- Work item
Which lines belong in the answer? Exactly those from the line containing "this 1920×1080 image." through the last line of the records below, repeated as written.

- Data in this exercise
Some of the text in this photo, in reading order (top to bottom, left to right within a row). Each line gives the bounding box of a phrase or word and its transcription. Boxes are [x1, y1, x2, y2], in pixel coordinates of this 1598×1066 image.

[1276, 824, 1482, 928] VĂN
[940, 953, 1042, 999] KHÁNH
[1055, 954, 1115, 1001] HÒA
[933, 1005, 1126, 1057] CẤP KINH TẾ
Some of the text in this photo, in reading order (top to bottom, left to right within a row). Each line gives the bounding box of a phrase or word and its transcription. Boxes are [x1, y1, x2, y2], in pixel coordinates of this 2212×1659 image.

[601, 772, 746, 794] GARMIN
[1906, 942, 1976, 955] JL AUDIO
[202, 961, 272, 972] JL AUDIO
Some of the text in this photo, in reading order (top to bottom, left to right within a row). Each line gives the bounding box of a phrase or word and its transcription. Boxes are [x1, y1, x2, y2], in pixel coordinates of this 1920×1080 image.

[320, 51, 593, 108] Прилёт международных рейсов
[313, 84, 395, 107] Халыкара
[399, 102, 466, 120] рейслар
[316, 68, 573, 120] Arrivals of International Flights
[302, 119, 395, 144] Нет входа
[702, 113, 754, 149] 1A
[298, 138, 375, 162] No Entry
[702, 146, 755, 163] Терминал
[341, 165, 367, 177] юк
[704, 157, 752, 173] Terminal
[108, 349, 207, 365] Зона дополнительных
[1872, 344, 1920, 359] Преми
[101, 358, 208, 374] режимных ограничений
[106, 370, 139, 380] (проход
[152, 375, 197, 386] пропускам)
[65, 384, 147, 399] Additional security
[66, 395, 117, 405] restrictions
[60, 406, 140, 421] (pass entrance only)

- Output of the exercise
Some of the text in this photo, in reading order (top to bottom, left to right within a row). Each line gives the bounding box of a phrase or word and its transcription. Boxes are [x1, y1, x2, y2], in pixel coordinates of this 1920×1080 image.

[320, 51, 593, 108] Прилёт международных рейсов
[313, 84, 395, 107] Халыкара
[399, 102, 466, 120] рейслар
[316, 68, 573, 120] Arrivals of International Flights
[302, 119, 395, 144] Нет входа
[702, 113, 754, 149] 1A
[298, 138, 375, 162] No Entry
[702, 146, 755, 163] Терминал
[341, 165, 367, 177] юк
[704, 157, 752, 173] Terminal
[108, 349, 207, 365] Зона дополнительных
[1872, 344, 1920, 359] Преми
[101, 358, 208, 374] режимных ограничений
[106, 370, 139, 380] (проход
[152, 375, 197, 386] пропускам)
[65, 384, 147, 399] Additional security
[66, 395, 117, 405] restrictions
[60, 406, 140, 421] (pass entrance only)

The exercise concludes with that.